- _Problem requirements_:
Transcribe the records exactly from the line with "this 2000×1232 image." to the end, both included.

[Images for object localization]
+++++

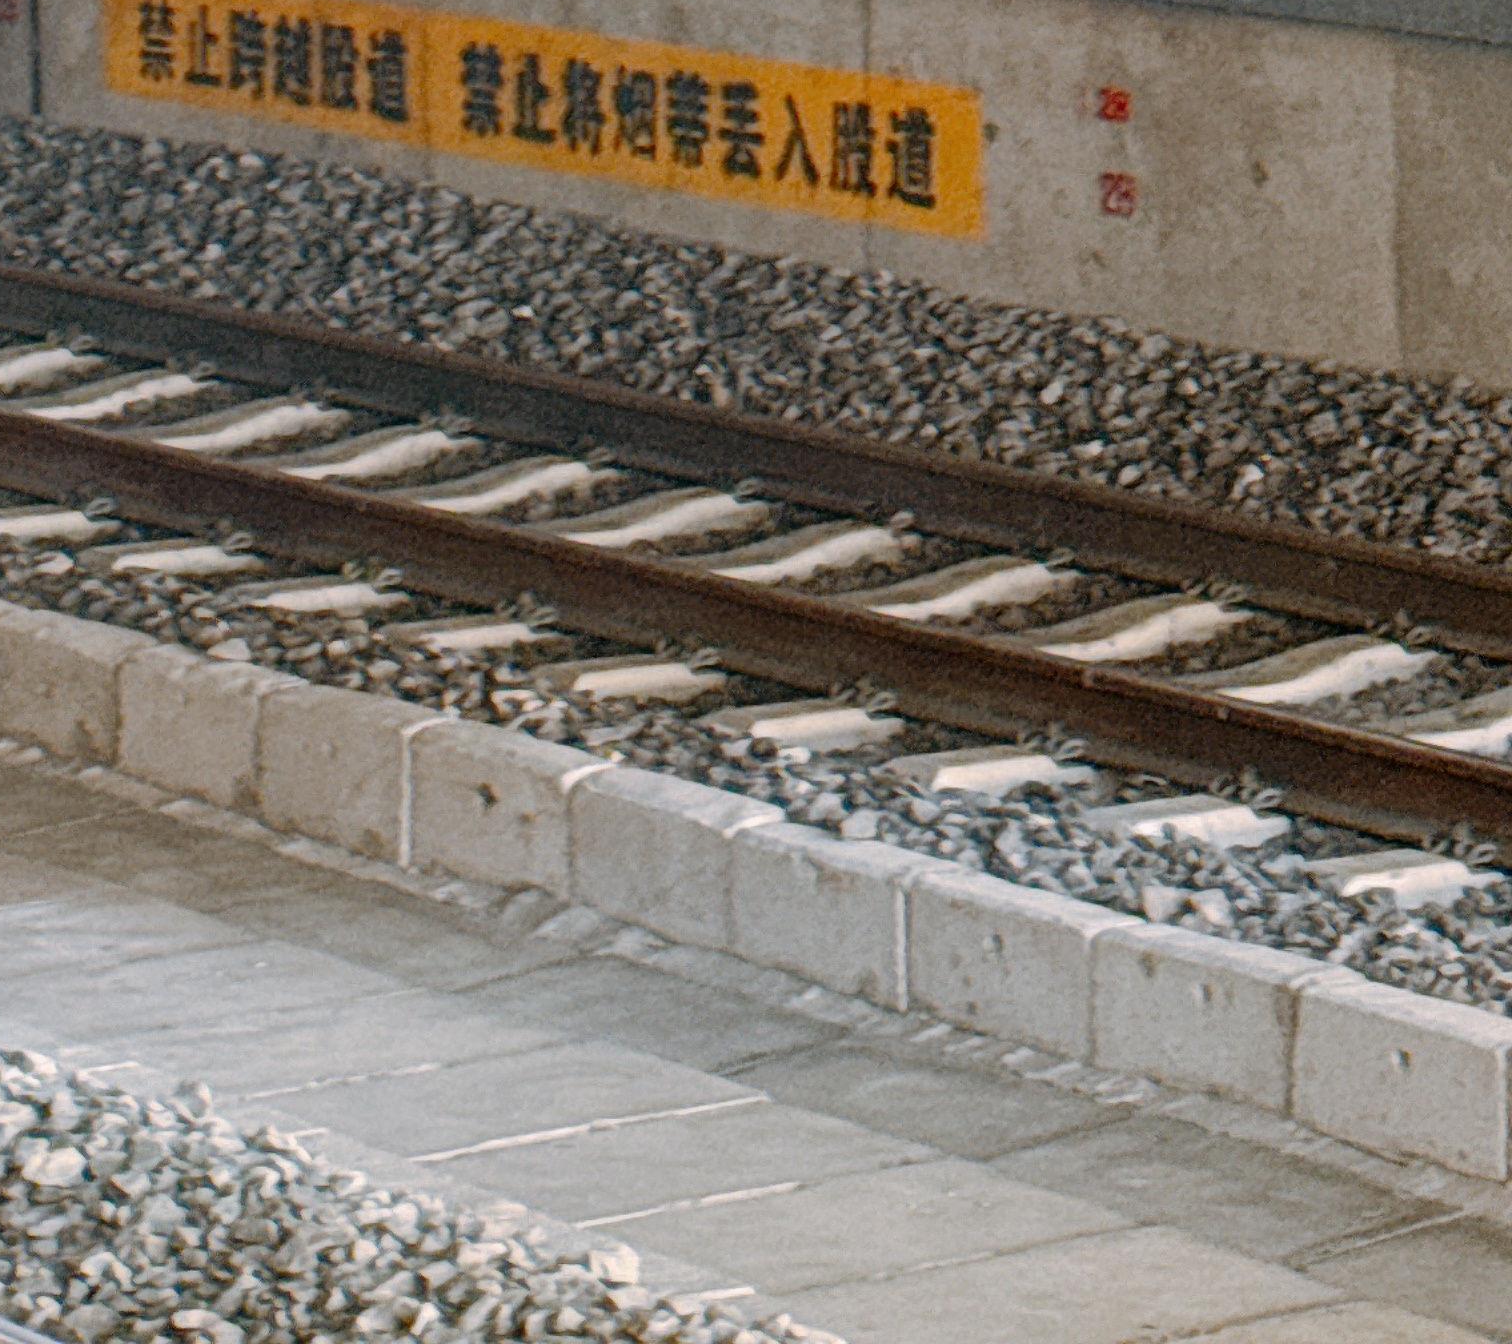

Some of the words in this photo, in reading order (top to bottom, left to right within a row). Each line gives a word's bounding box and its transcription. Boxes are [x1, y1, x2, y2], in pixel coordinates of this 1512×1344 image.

[458, 40, 938, 210] 禁止将烟蒂丢入股道
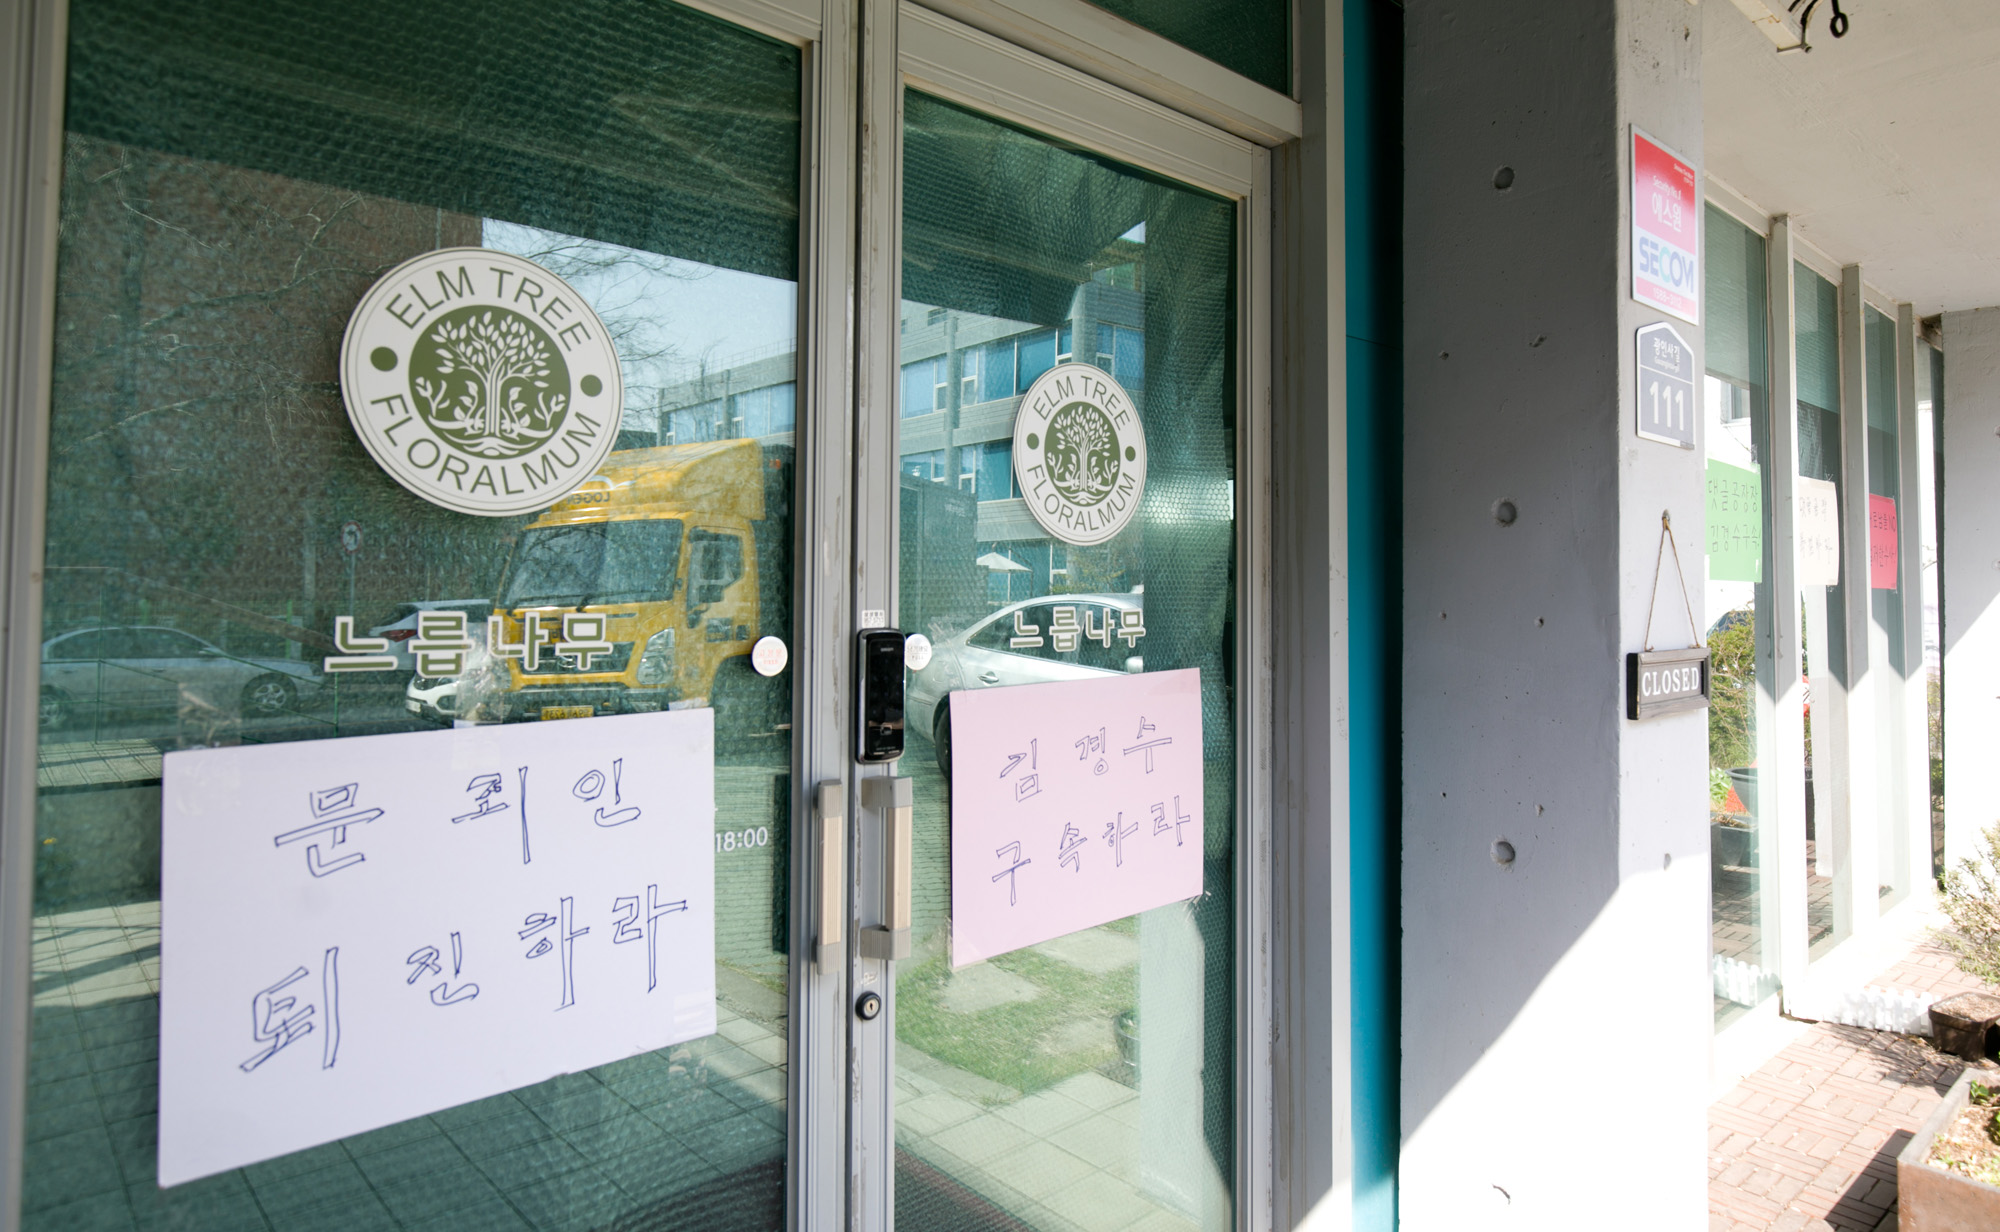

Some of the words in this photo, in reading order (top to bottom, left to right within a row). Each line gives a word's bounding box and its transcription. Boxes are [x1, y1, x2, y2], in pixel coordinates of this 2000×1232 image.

[1652, 192, 1682, 233] 에스원
[1639, 236, 1694, 294] SECOM
[385, 266, 475, 329] ELM
[489, 267, 592, 352] TREE
[1033, 375, 1075, 421] ELM
[1080, 375, 1130, 431] TREE
[1649, 381, 1684, 431] 111
[370, 394, 602, 496] FLORALMUM
[1027, 464, 1136, 531] FLORALMUM
[324, 610, 613, 679] 느릅나무
[1010, 606, 1146, 652] 느릅나무
[1641, 667, 1700, 697] CLOSED
[715, 826, 768, 853] 18:00
[991, 795, 1191, 907] 구속하라
[238, 884, 688, 1074] 퇴진하라

+++++

- _Reply_:
Some of the words in this photo, in reading order (top to bottom, left to right within a row). Each line gives a word's bounding box and its transcription. Boxes are [x1, y1, x2, y2], in pixel coordinates of this 2000×1232 image.

[1652, 192, 1682, 233] 에스원
[1639, 236, 1694, 294] SECOM
[385, 266, 475, 329] ELM
[489, 267, 592, 352] TREE
[1033, 375, 1075, 421] ELM
[1080, 375, 1130, 431] TREE
[1649, 381, 1684, 431] 111
[370, 394, 602, 496] FLORALMUM
[1027, 464, 1136, 531] FLORALMUM
[324, 610, 613, 679] 느릅나무
[1010, 606, 1146, 652] 느릅나무
[1641, 667, 1700, 697] CLOSED
[715, 826, 768, 853] 18:00
[991, 795, 1191, 907] 구속하라
[238, 884, 688, 1074] 퇴진하라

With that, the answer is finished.